Garald G. Parker Sr. (1905–2000) was a hydrologist and is known as the "Father of Florida groundwater hydrology." Parker also named the principal artesian aquifer the Floridan Aquifer.

Education 
Bachelor's degree with studies in Geology and Biology from Central Washington State College. Graduate School at the University of Washington.

Career

School teacher 
Parker taught in the public schools for 10 years prior to graduating from college.

U.S. Geological Survey 
In 1940, Parker began his career as a hydrogeologist when he made a cross-country trip to help save the water supply of Miami, Florida from saltwater intrusion. Parker developed protective measures to save well fields and also from 1940 to 1947 identified and named the Biscayne Aquifer, the Floridan Aquifer and defined the geologic structure of southern Florida. Parker was also a mentor to Marjory Stoneman Douglas on the water of the Everglades for her 1947 book, The Everglades: River of Grass. Parker also discovered the Peninsular Florida Hydrologic Divide which results in the southern portion of Florida being entirely dependent on rainfall for its freshwater. 
From 1948 to 1949, Parker was assigned to the Hanford Atomic Energy Resource/Reservation in Richmond, Washington. 
From 1949 to 1955, he was located in the Washington headquarters in both the Ground Water Branch and later in the general hydrology branch. 
From 1956 to 1959, he led the multi-agency Delaware River Basin study.
From 1960-1965 Parker was assigned to Denver, Colorado where he was in charge of the arid lands research effort.
From 1966-1969 he was the District Chief for the state of New York.

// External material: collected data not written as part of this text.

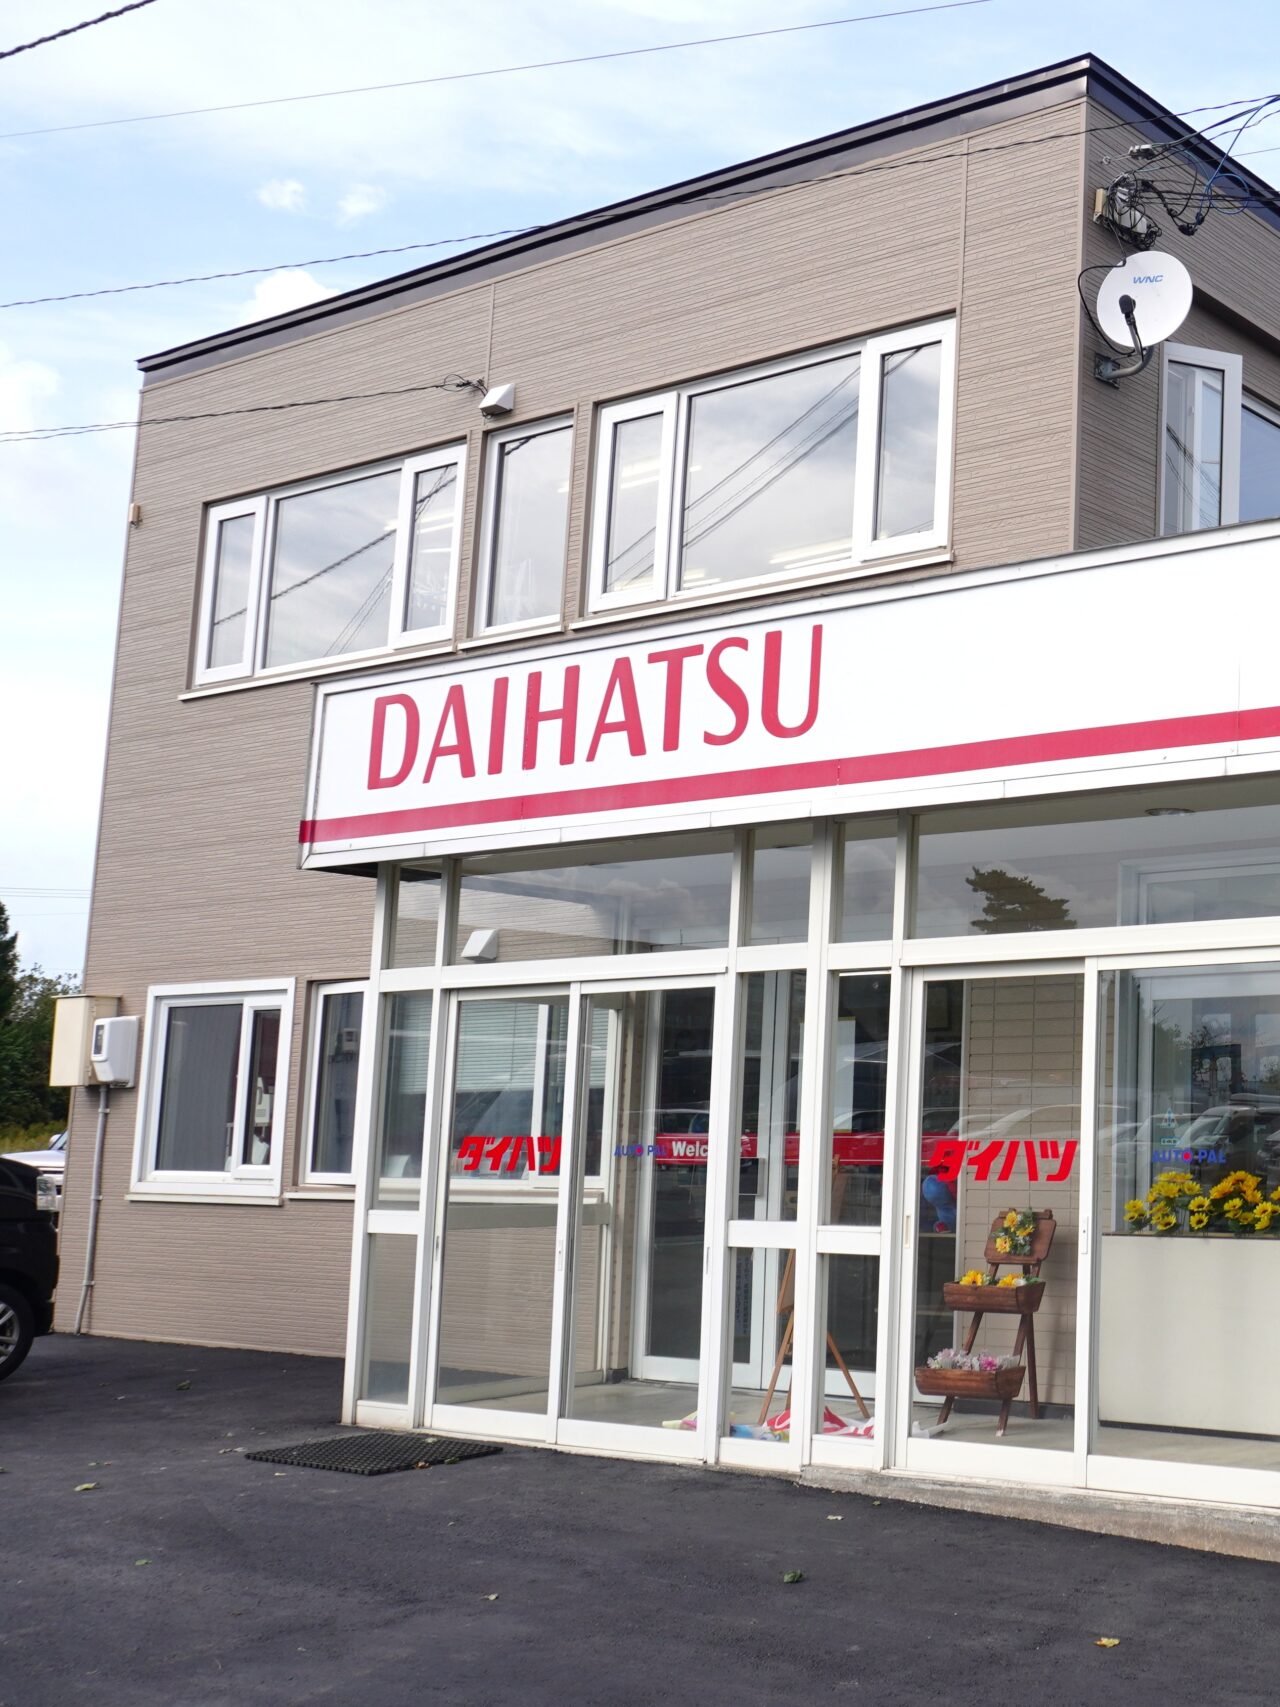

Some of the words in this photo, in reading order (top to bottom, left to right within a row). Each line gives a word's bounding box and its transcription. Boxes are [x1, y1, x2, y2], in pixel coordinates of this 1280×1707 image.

[1133, 275, 1164, 285] WNC
[366, 623, 824, 791] DAIHATSU
[457, 1135, 563, 1172] ダイハツ
[613, 1143, 644, 1158] AUTO
[671, 1140, 709, 1158] Welc
[1152, 1148, 1193, 1164] AUTO
[1198, 1149, 1227, 1164] PAL
[928, 1139, 1079, 1182] ダイハツ
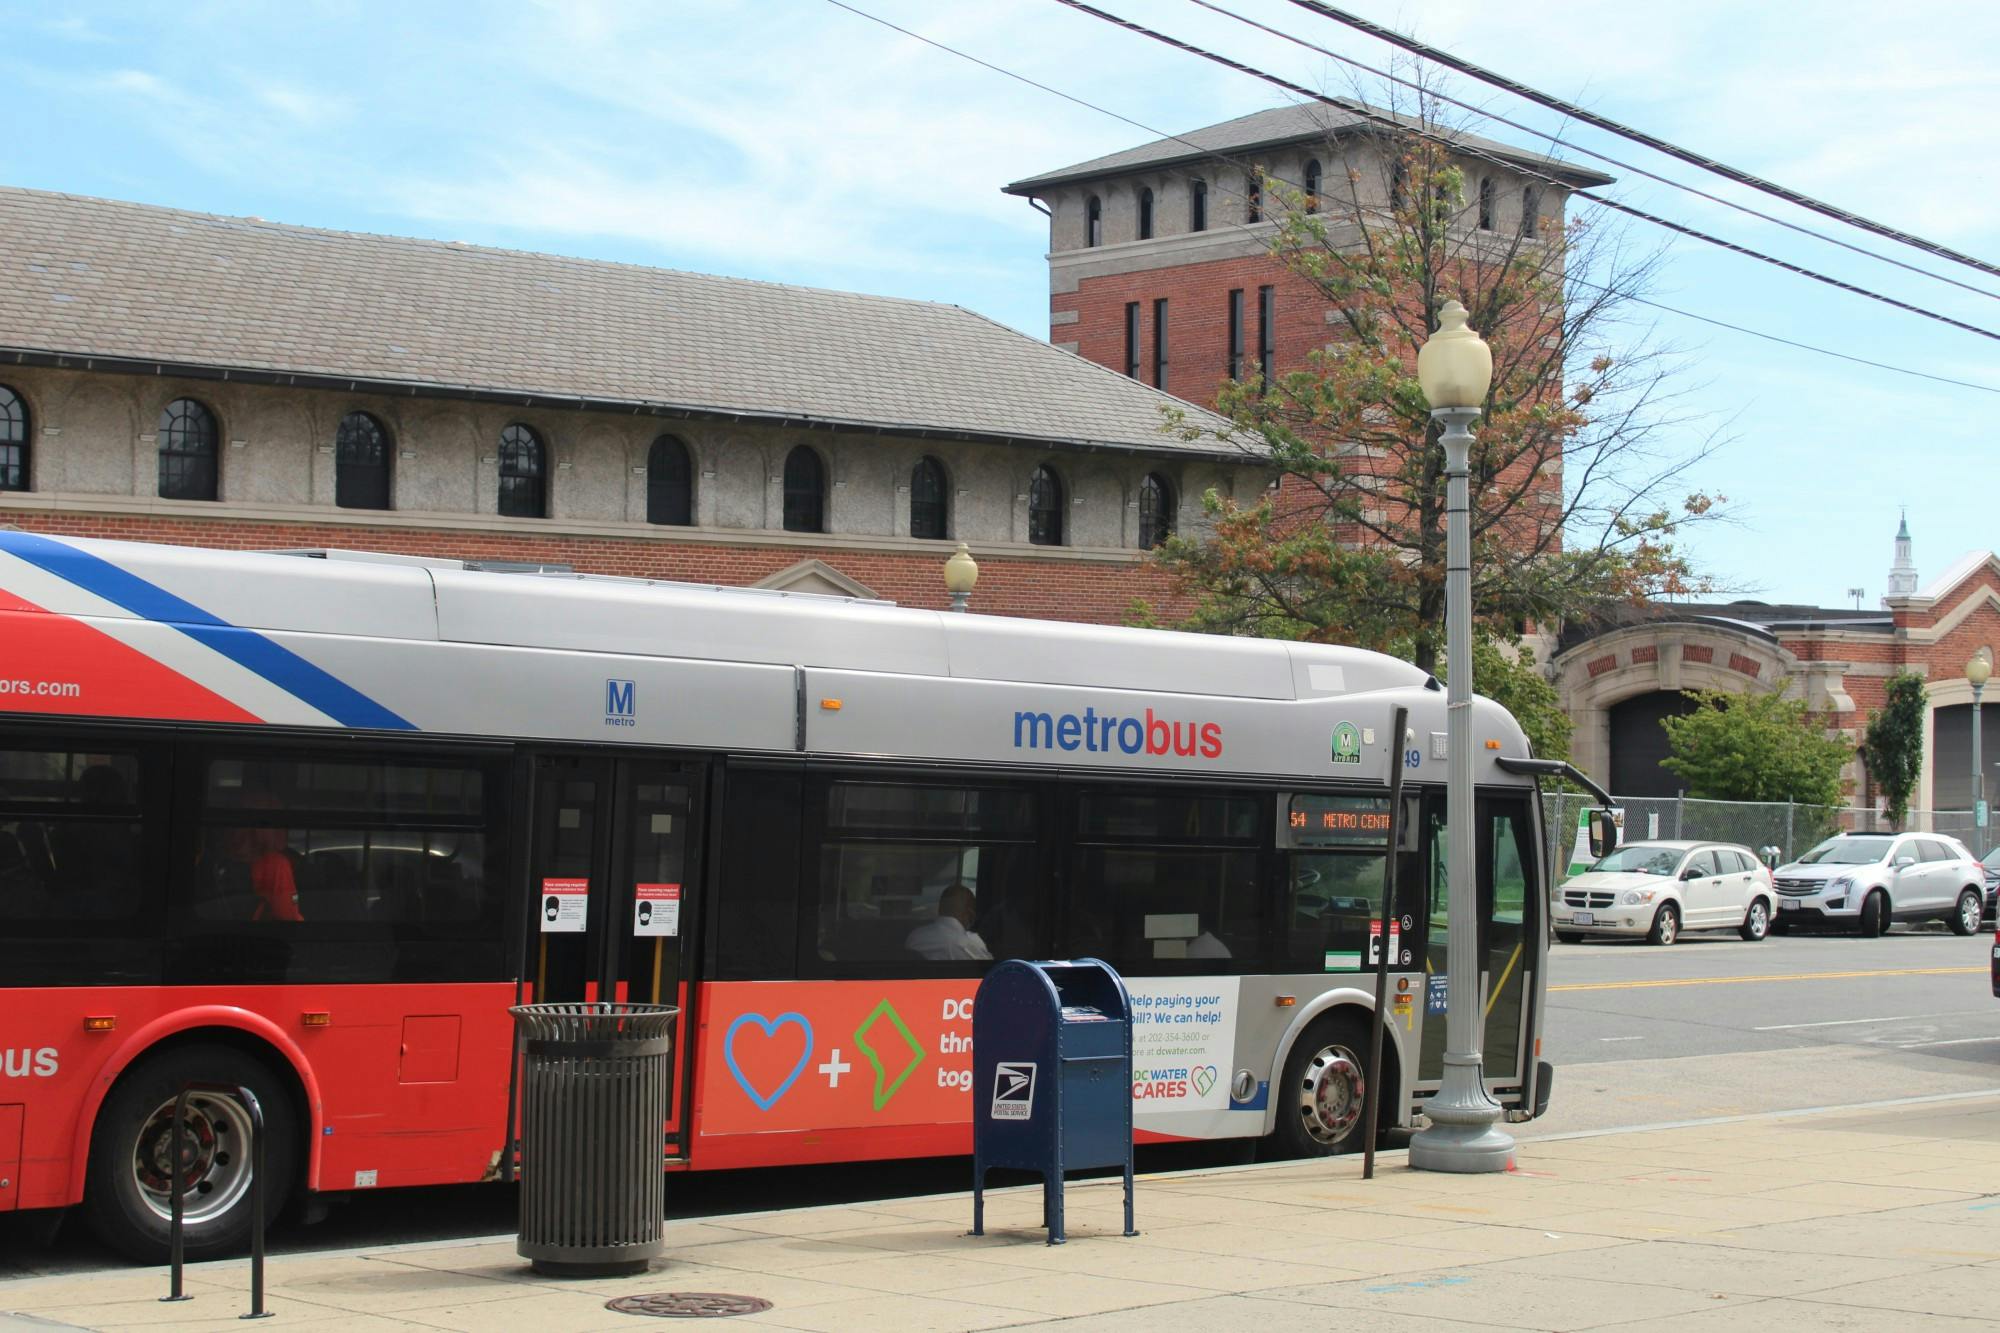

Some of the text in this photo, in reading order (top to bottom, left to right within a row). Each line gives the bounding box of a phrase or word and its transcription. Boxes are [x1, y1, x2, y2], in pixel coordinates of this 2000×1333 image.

[608, 681, 634, 715] M
[605, 717, 635, 727] metro
[1013, 706, 1223, 758] metrobus
[1334, 755, 1358, 763] HYBRID
[1290, 812, 1306, 827] 54
[1323, 813, 1357, 828] METRO
[1130, 994, 1220, 1008] help paying your
[1154, 1013, 1171, 1024] We
[1174, 1014, 1193, 1024] can
[1195, 1011, 1222, 1025] help!
[1133, 1068, 1188, 1081] DC WATER
[1132, 1081, 1187, 1099] CARES
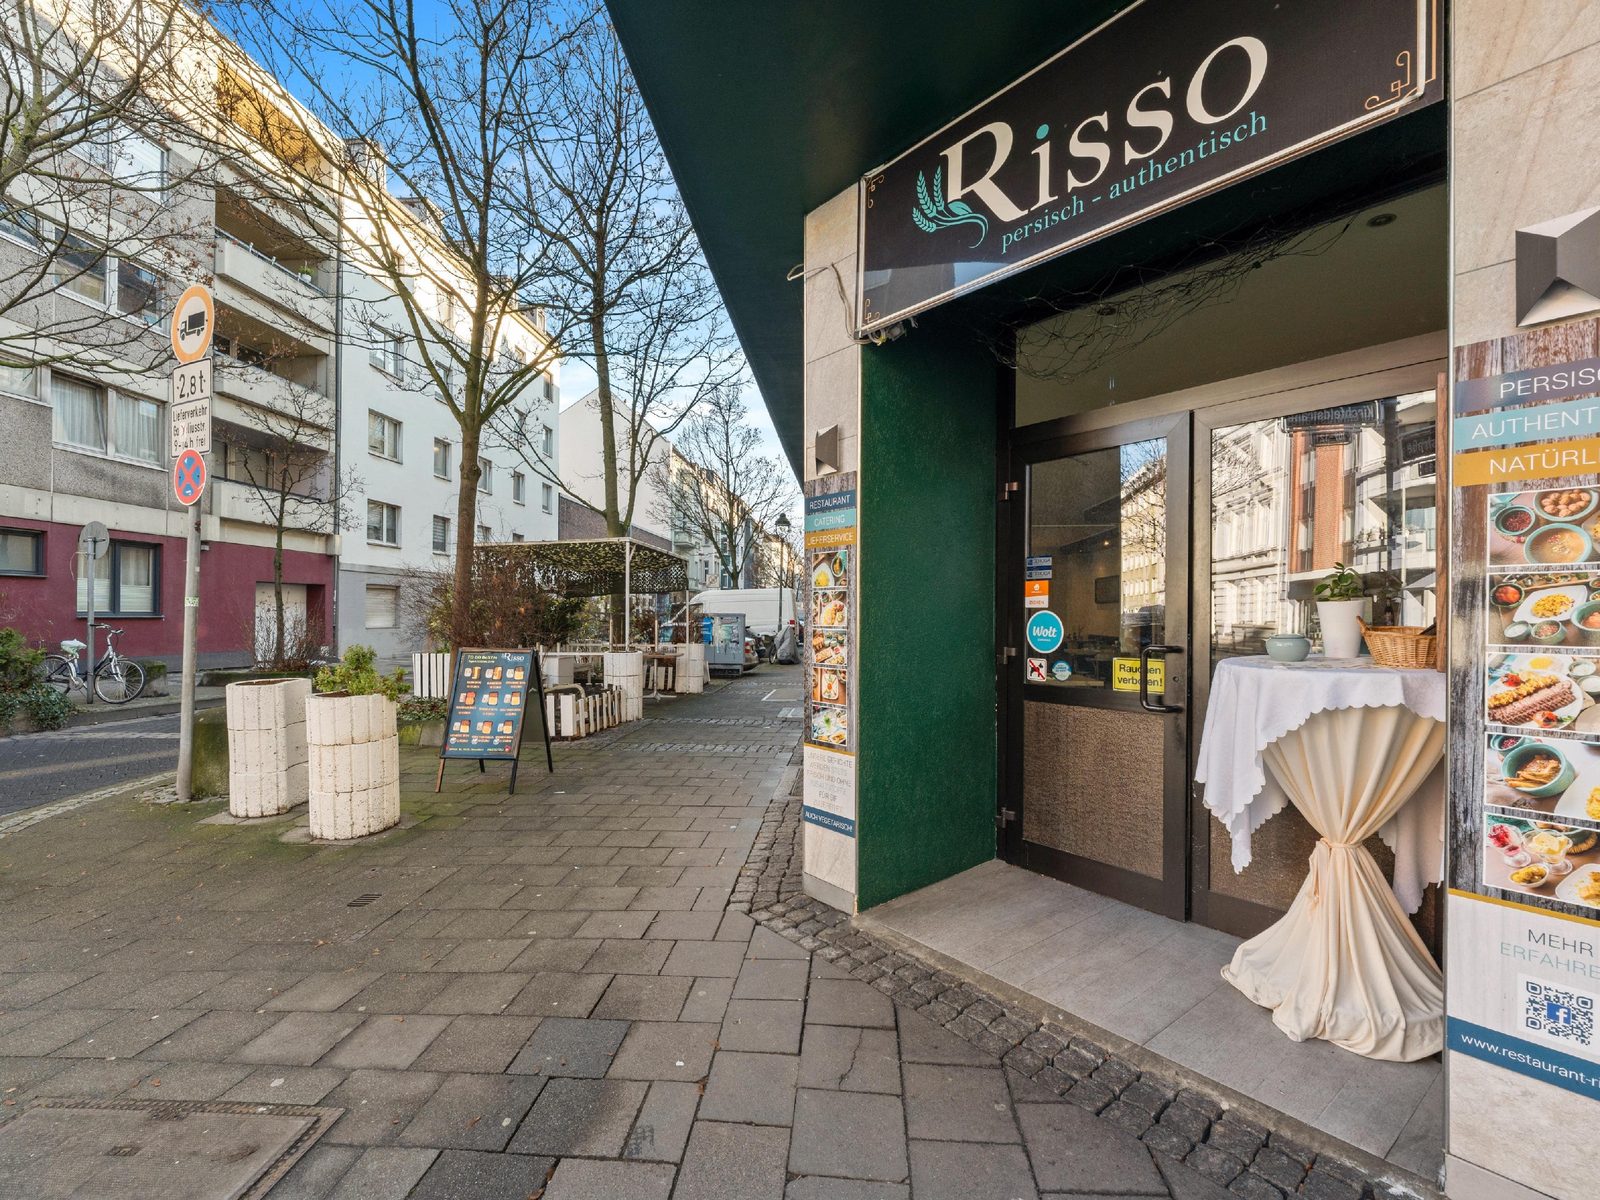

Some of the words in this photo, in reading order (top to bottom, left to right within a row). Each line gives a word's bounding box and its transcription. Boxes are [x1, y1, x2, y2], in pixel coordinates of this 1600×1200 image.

[1001, 196, 1085, 255] persisch
[1109, 110, 1268, 200] authentisch
[179, 373, 197, 399] 2,8
[199, 369, 204, 394] t
[1500, 367, 1600, 399] PERSIS
[173, 404, 207, 422] Lieferverkehr
[1472, 406, 1599, 440] AUTHENT
[196, 434, 205, 447] frei
[810, 495, 850, 509] RESTAURANT
[814, 515, 845, 527] CATERING
[1032, 625, 1057, 638] Wolt
[1119, 663, 1161, 675] Raucen
[1117, 676, 1163, 687] verboen!
[1528, 928, 1594, 957] MEHR

SW Florida Water Management District 
In 1969 he served as the first hydrologist and senior scientist for the Southwest Florida Water Management District until  1975. Afterwards, he worked as a consultant, in Florida and also internationally, into the 1990s.

Private consulting 
From 1975-1988, he entered private consulting practice where he has concentrated his efforts up until 1988 where he retired again.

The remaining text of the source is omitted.